A total of 48 women were scanned for eligibility. Only 17 participants met the inclusion criteria. Each participant was instructed to remove clothes so that the trunk and pelvis (to gluteal cleft) were exposed. Participants were given a custom-made gown to wear in order to cover only the front of their trunk and keep the back completely exposed. Then, the participants were instructed to stand still in natural erect posture on a marked point on the floor for photogrammetric capturing of the bared back while wearing a flat sport shoes (supplied by the examiners and available in two sizes) ([Figure 1]).
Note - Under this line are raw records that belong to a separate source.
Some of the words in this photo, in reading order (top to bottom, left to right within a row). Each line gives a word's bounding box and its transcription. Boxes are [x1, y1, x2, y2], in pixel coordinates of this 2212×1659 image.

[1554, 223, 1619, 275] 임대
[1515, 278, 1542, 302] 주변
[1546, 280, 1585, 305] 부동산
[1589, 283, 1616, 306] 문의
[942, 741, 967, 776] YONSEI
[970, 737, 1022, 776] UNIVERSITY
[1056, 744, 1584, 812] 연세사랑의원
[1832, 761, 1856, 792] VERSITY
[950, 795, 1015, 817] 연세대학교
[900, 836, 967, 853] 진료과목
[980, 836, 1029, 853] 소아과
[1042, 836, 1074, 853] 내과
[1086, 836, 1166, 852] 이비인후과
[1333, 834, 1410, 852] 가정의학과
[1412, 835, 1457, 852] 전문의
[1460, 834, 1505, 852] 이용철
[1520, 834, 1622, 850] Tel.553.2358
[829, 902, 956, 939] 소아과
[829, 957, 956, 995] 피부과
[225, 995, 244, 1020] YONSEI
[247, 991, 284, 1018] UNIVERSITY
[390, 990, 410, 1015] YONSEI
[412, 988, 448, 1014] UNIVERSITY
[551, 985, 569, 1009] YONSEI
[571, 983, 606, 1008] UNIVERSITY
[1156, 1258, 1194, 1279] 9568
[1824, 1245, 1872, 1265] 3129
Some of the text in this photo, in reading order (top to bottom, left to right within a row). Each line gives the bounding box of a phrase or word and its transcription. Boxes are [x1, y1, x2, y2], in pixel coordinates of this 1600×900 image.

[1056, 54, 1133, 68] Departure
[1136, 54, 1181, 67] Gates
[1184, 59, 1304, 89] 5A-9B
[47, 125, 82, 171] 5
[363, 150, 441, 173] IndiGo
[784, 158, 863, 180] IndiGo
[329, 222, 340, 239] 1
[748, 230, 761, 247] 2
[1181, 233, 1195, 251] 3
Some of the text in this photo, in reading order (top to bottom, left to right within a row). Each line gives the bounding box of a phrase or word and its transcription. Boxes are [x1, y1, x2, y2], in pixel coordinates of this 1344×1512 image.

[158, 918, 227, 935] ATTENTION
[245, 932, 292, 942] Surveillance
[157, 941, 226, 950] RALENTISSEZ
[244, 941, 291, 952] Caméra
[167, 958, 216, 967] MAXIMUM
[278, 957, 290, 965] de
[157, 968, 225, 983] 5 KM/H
After that, the 6 cm wedge was attached to the sport shoes [3],[16],[20]. Participants, then, performed a 10-min adaptation activities including four cycles of: walking along a specified path for 30 s, sitting on a chair for 30 s, carrying a box of 1.5 kg for 30 s, standing on a preselected point for 30 s, and ascending and descending a two-step staircase twice. Photogrammetric assessment of the spine was repeated for the 6-cm heel lift wedge. Afterwards, same procedures were repeated while attaching the 10-cm heel lift wedge.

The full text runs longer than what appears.